Vorcaro costumava registrar capturas de tela de conversas de WhatsApp e armazená-las em seu aparelho. Um desses registros, salvo no início de 2025, mostra Costa informando que havia conversado com Rueda e indicando que o dirigente partidário também teria interesse em dialogar com o banqueiro. O material, segundo investigadores, reforça a rede de conexões políticas mobilizada por Vorcaro em meio à tentativa de reestruturar o Banco Master.
Mensagens indicam alinhamento entre os envolvidos
No diálogo analisado, Costa relata frustração com uma reunião realizada anteriormente, sem detalhar os interlocutores, e reafirma apoio a Vorcaro. “Sempre é sempre mesmo”, escreveu o então presidente do BRB. Em resposta, o empresário também manifestou alinhamento, no contexto das negociações para socorrer a instituição financeira, que enfrentava dificuldades no mercado.
As investigações buscam esclarecer o conteúdo e o alcance das tratativas mencionadas, especialmente no que diz respeito à eventual participação de agentes políticos na operação.
Defesa nega irregularidades e cita rotina institucional
Procurado, Paulo Henrique Costa afirmou, por meio de advogados, que “mensagens foram trocadas no contexto do exercício regular de suas responsabilidades como presidente do Banco de Brasília (BRB), no âmbito das relações institucionais e comerciais mantidas pelo banco".
A defesa acrescentou que “comunicações entre dirigentes de instituições financeiras fazem parte da rotina do mercado e não substituem os processos formais de análise, governança e deliberação colegiada que regem a atuação do BRB”. Também destacou que “todas as decisões relacionadas às operações em discussão foram submetidas às instâncias técnicas e de governança competentes, sempre orientadas pela defesa dos interesses do BRB”.
Já Antônio Rueda declarou que “não comenta diálogos privados” que, segundo ele, teriam sido divulgados de forma irregular. O dirigente afirmou ainda que “não possui qualquer relação” com Vorcaro, “além de contatos sociais eventuais, como ocorre com diversas pessoas do meio político e empresarial”. A defesa de Vorcaro informou que não se manifestará.
Operação bilionária e suspeitas de fraude
À época das conversas, BRB e Banco Master negociavam uma operação para tentar reequilibrar a instituição privada.
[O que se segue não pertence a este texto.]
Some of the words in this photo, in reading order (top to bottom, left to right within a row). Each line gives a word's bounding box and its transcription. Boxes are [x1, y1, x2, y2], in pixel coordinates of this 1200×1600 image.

O banco público anunciou a compra de 58% do capital do Master por cerca de R$ 2 bilhões, mas a transação foi barrada pelo Banco Central, que posteriormente decretou a liquidação da instituição por suspeitas de fraude e incapacidade de honrar compromissos financeiros.
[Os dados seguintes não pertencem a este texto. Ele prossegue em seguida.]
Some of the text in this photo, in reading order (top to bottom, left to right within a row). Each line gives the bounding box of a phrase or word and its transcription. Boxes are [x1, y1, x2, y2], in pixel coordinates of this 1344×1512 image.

As investigações apontam que o BRB teria adquirido carteiras de crédito consideradas fictícias do Master. Segundo a Polícia Federal, o volume de fraudes pode chegar a R$ 12,2 bilhões. Os investigadores identificaram “indícios de participação consciente dos dirigentes do BRB no suposto esquema fraudulento engendrado pelos gestores do Banco Master”.
Em depoimentos ao Supremo Tribunal Federal (STF), no fim do ano passado, Costa e Vorcaro negaram irregularidades, embora tenham apresentado versões divergentes sobre o conhecimento da origem dos ativos sob suspeita.
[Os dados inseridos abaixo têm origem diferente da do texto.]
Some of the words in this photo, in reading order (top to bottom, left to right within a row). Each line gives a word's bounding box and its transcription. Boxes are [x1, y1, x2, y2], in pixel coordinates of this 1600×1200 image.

Rede de contatos políticos sob investigação
Uma das linhas de apuração busca entender como Vorcaro teria obtido apoio para uma operação considerada de alto risco. Segundo relatos, o empresário reconhecia, em conversas reservadas, a importância de sua rede de contatos em Brasília, afirmando ter feito “fortes amigos” e destacando a necessidade de apoio político para avançar no ambiente institucional brasileiro.
Outros elementos analisados reforçam essa hipótese. Um e-mail armazenado nos arquivos de Vorcaro indica que Antônio Rueda e o senador Ciro Nogueira (PP-PI) tiveram assentos reservados em um helicóptero de empresa ligada ao banqueiro após o Grande Prêmio de São Paulo de Fórmula 1, em 2024. Rueda não comentou o episódio, enquanto Nogueira confirmou presença no evento, mas negou ter utilizado a aeronave.